What is expected: This calls for a verbatim copy of all the data, with no images carried over.
(Beginning of Supplied material)
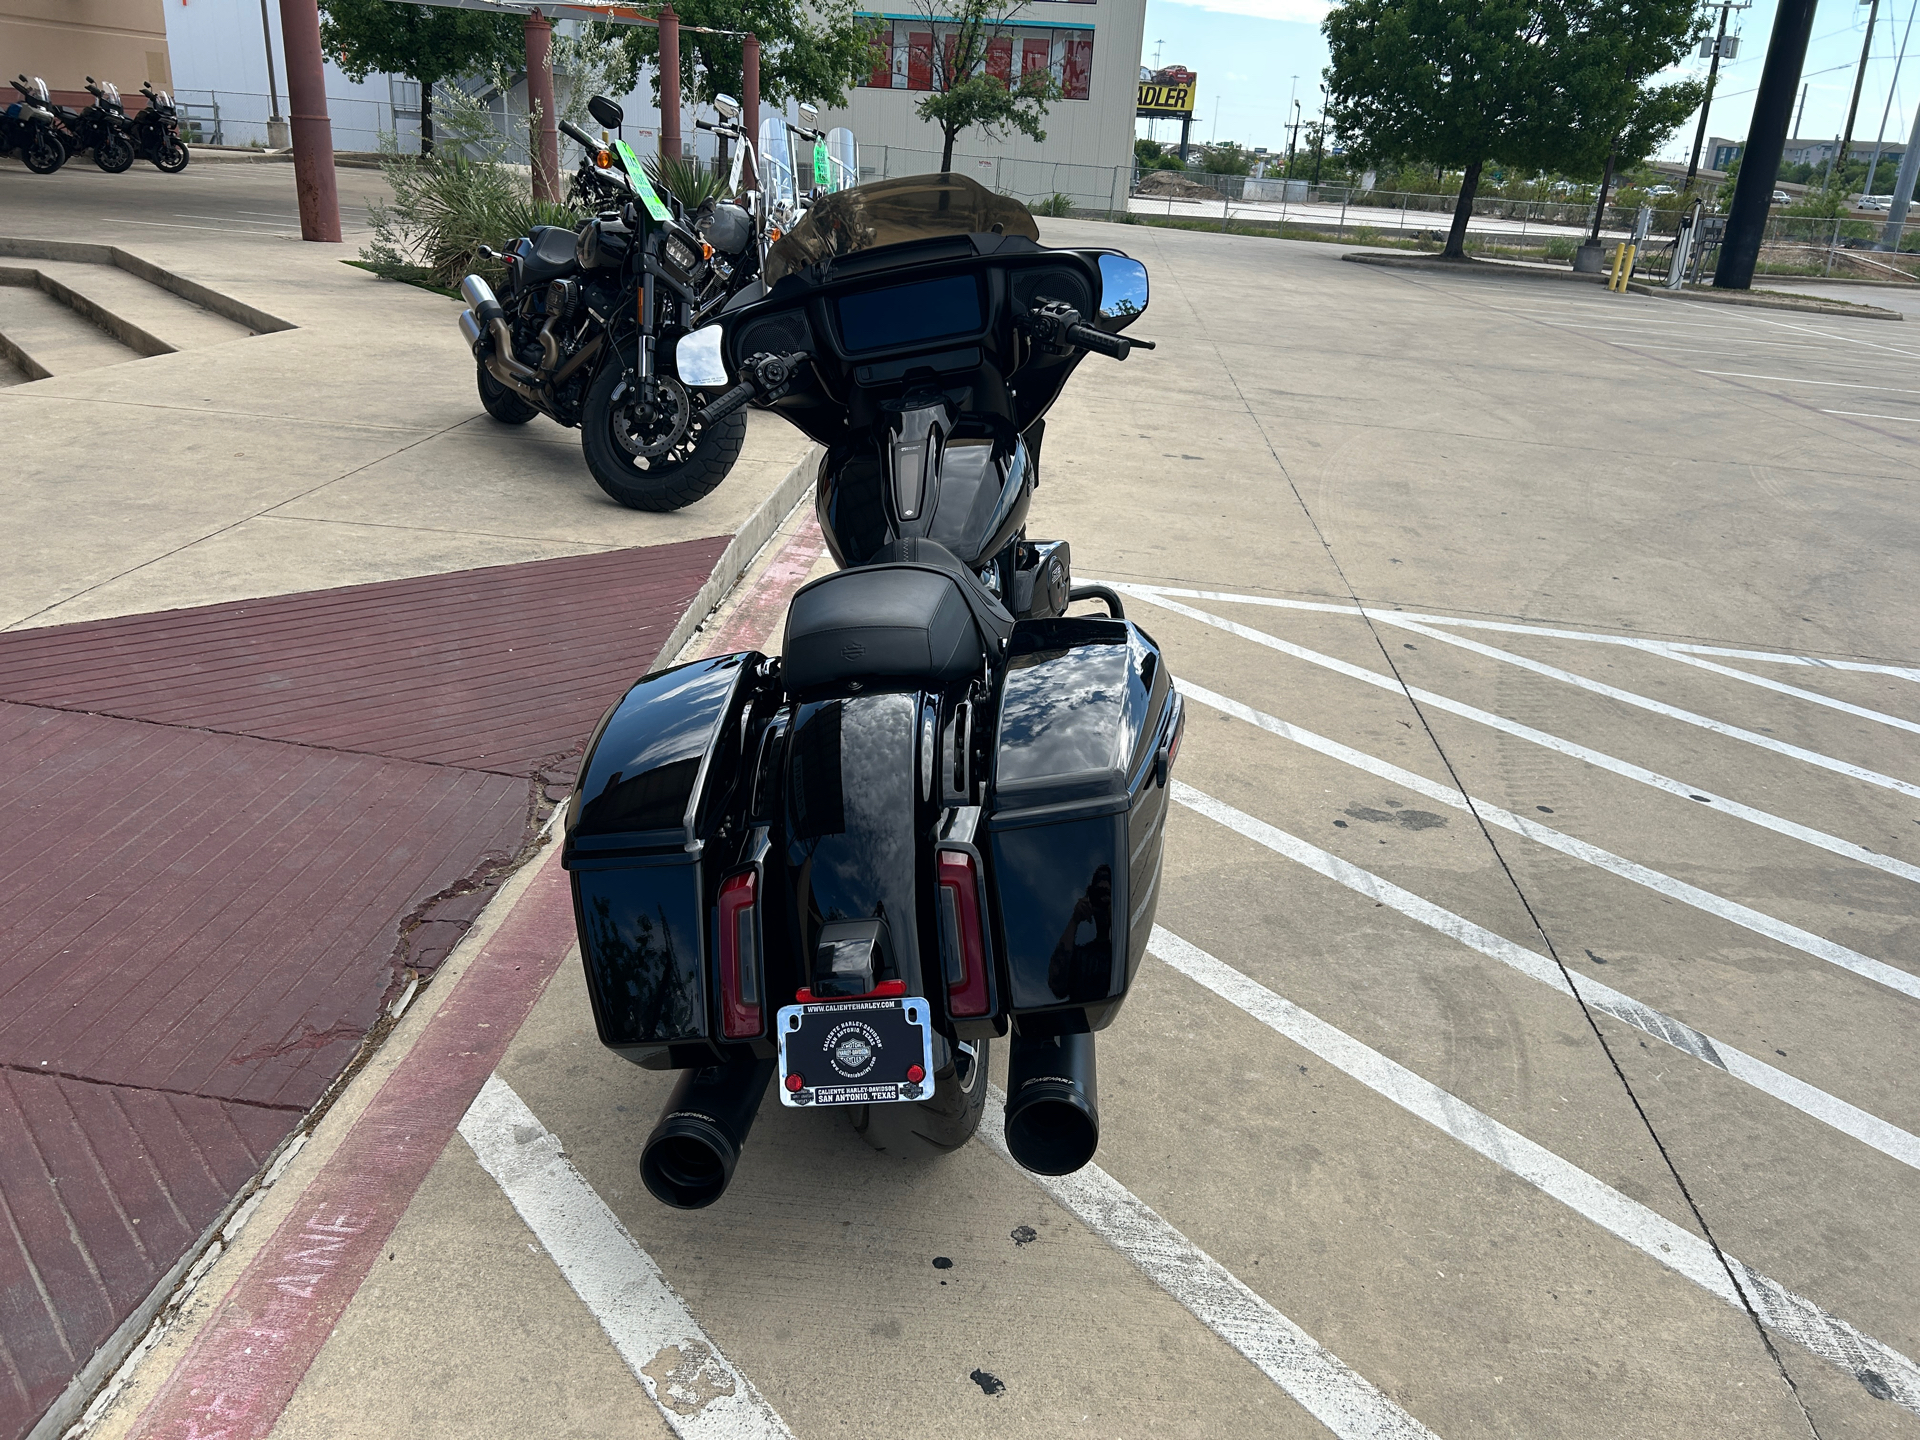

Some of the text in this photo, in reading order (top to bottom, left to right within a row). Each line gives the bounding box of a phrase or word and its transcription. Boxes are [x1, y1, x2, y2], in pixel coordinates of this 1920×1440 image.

[1137, 86, 1188, 108] ADLER
[808, 1001, 895, 1013] WWW.CALIENTEHARLEY.COM
[822, 1021, 883, 1052] CALIENTE HARLEY-DAVIDSON
[829, 1037, 838, 1048] SAN
[862, 1030, 876, 1046] TEXAS
[818, 1087, 845, 1096] CALIENTE
[846, 1085, 896, 1094] HARLEY-DAVIDSON
[818, 1095, 834, 1103] SAN
[835, 1093, 870, 1102] ANTONIO,
[871, 1091, 896, 1100] TEXAS
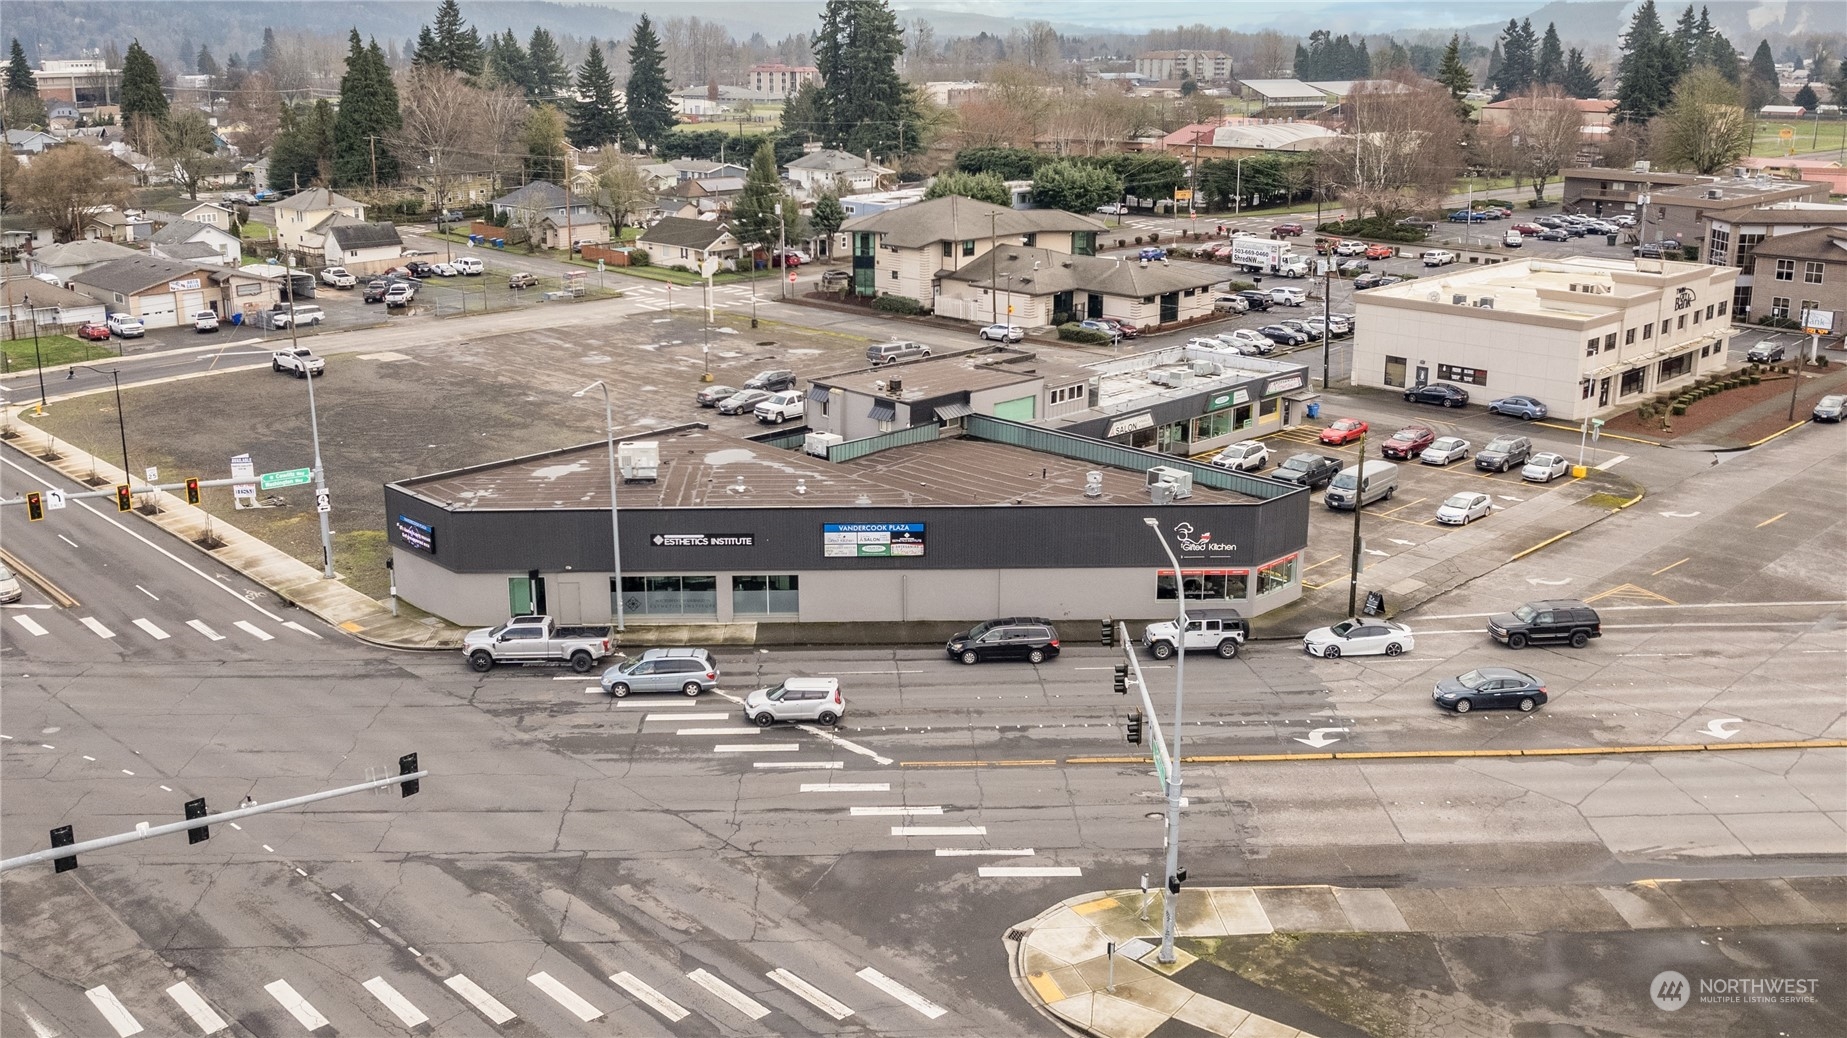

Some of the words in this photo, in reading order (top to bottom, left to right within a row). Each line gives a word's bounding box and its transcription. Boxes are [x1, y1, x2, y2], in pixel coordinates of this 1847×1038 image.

[1674, 294, 1691, 311] Bank
[1115, 422, 1137, 435] SALON
[664, 538, 709, 546] ESTHETICS
[710, 537, 753, 545] INSTITUTE
[1208, 543, 1237, 551] Kitchen
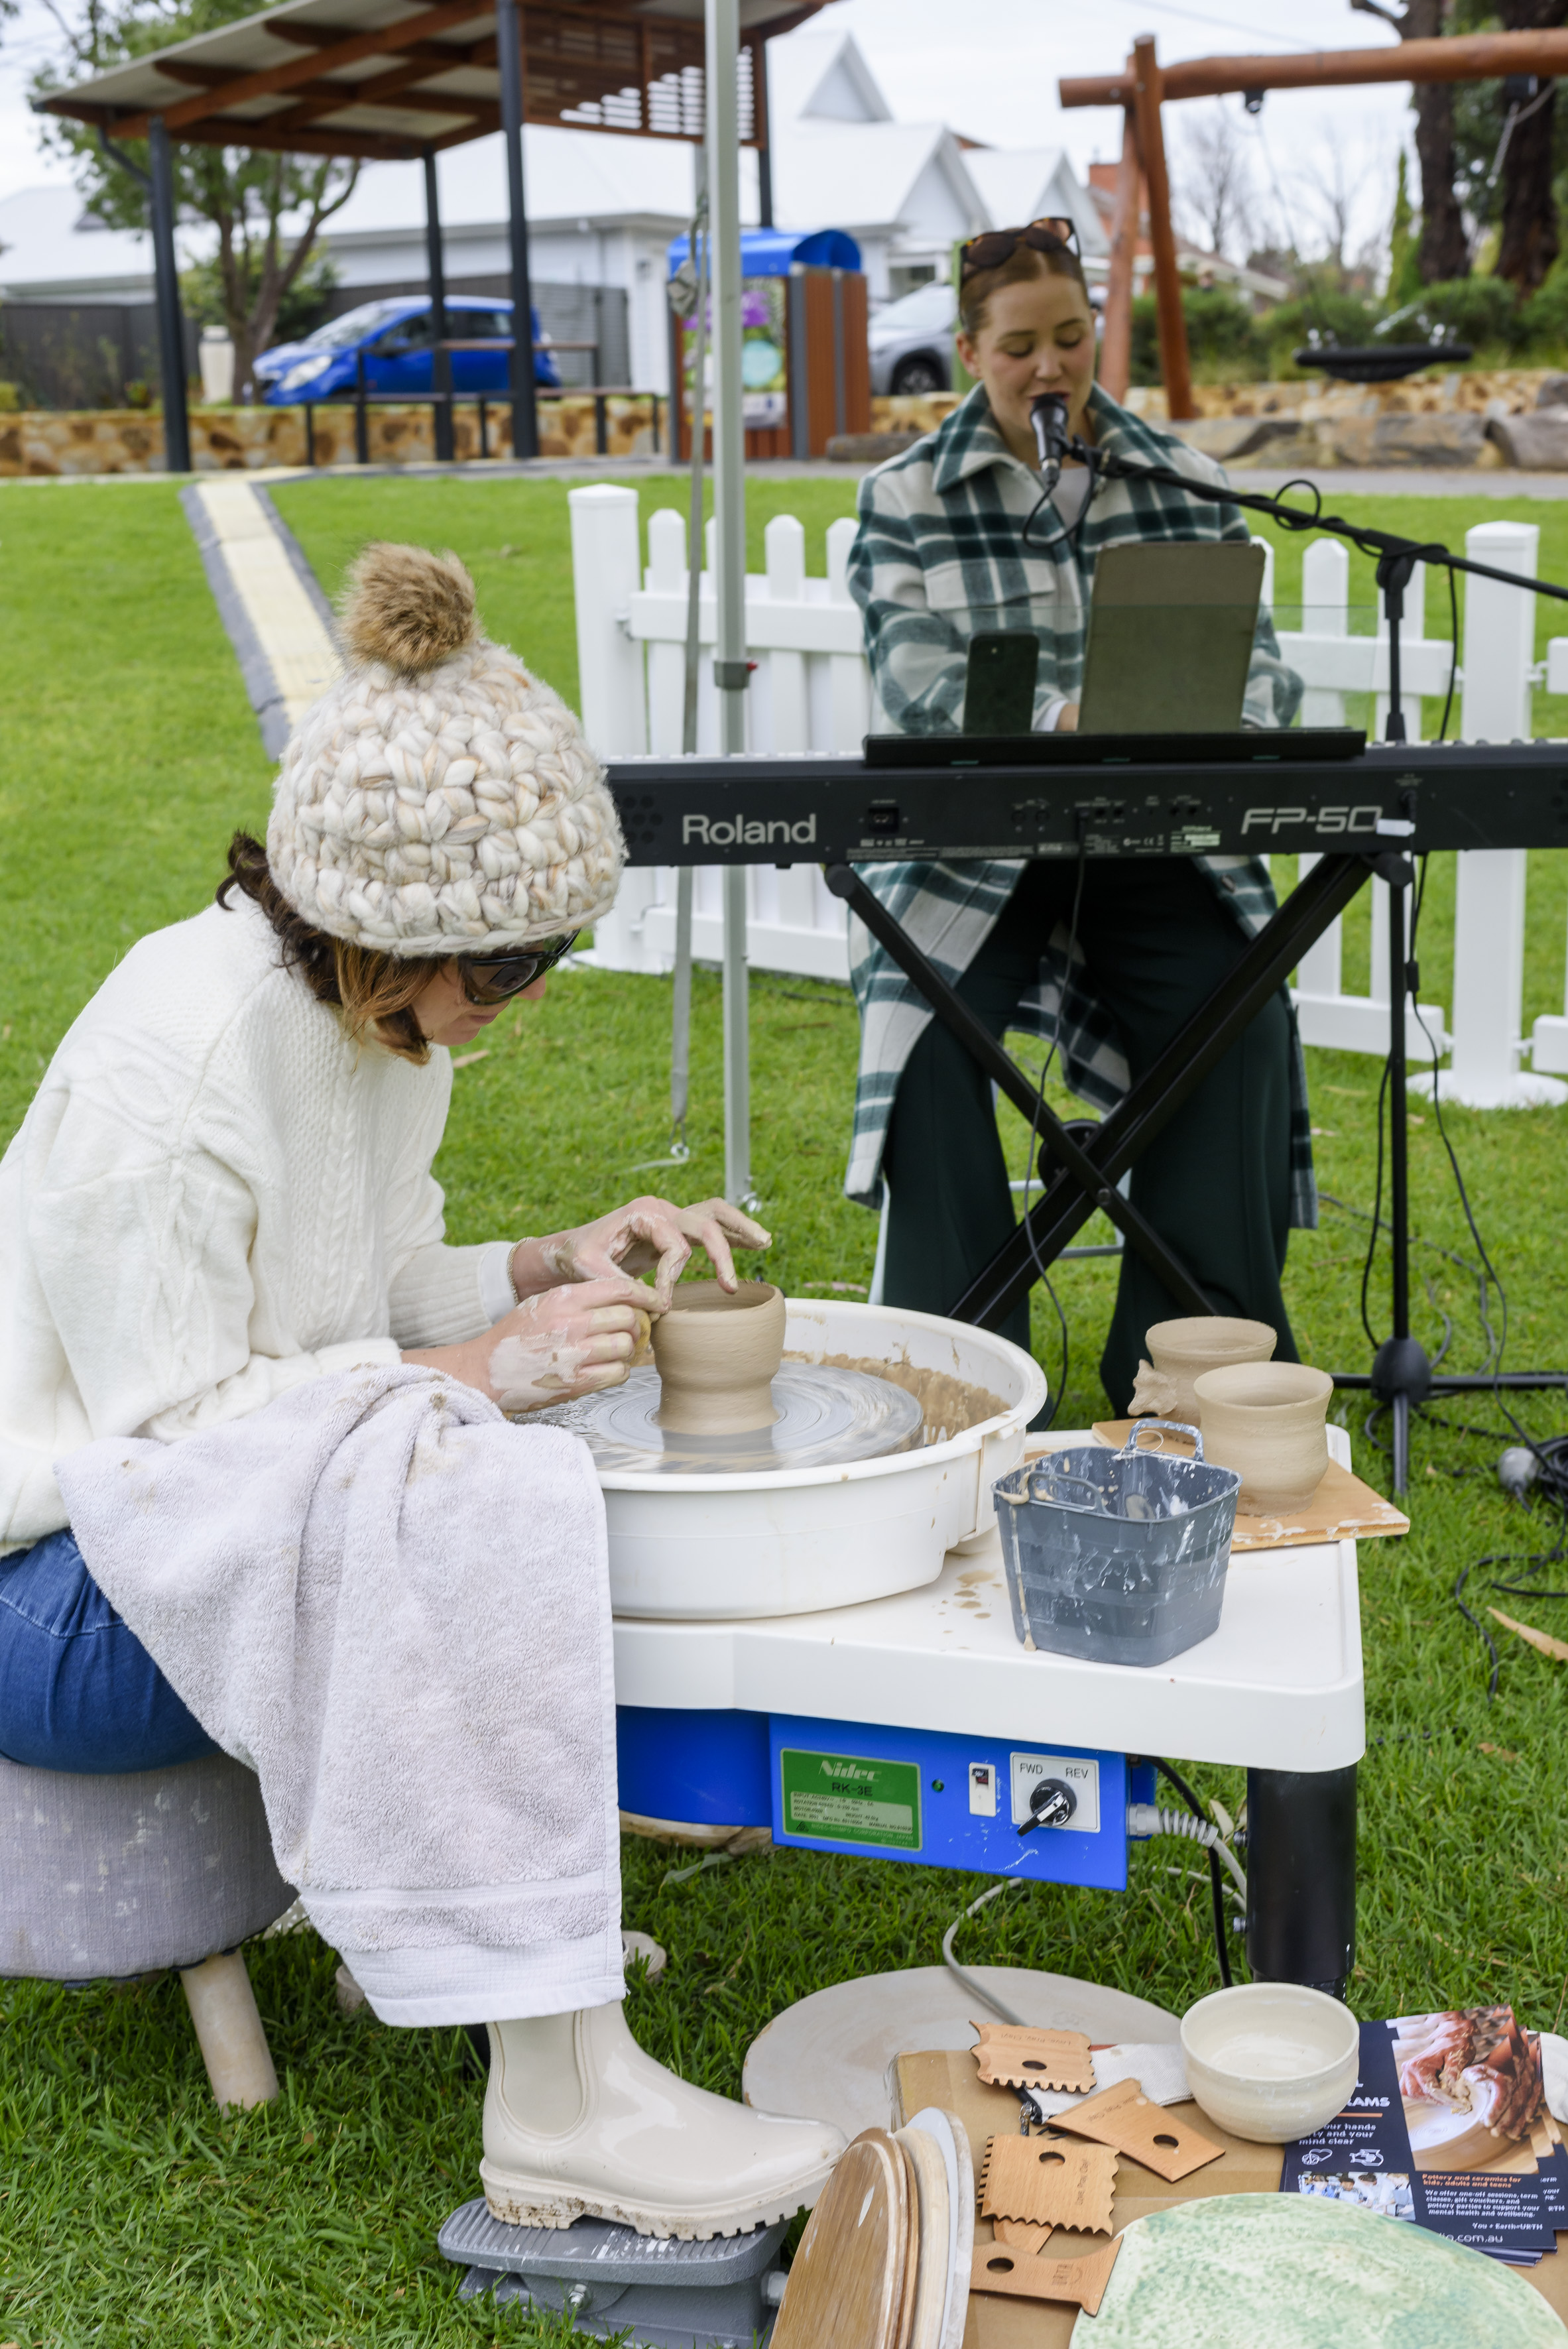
(End of Supplied material)
Response to this exercise:
Some of the text in this photo, in reading order (top to bottom, left to right within a row). Each line gives the bounding box of a phrase or word and its transcription. Boxes are [x1, y1, x2, y2], in pixel coordinates of this 1920×1440 image.

[1137, 86, 1188, 108] ADLER
[808, 1001, 895, 1013] WWW.CALIENTEHARLEY.COM
[822, 1021, 883, 1052] CALIENTE HARLEY-DAVIDSON
[829, 1037, 838, 1048] SAN
[862, 1030, 876, 1046] TEXAS
[818, 1087, 845, 1096] CALIENTE
[846, 1085, 896, 1094] HARLEY-DAVIDSON
[818, 1095, 834, 1103] SAN
[835, 1093, 870, 1102] ANTONIO,
[871, 1091, 896, 1100] TEXAS

Some of the words in this photo, in reading order (top to bottom, left to right within a row). Each line gives a word's bounding box and its transcription. Boxes are [x1, y1, x2, y2], in pixel coordinates of this 1847×1038 image.

[1674, 294, 1691, 311] Bank
[1115, 422, 1137, 435] SALON
[664, 538, 709, 546] ESTHETICS
[710, 537, 753, 545] INSTITUTE
[1208, 543, 1237, 551] Kitchen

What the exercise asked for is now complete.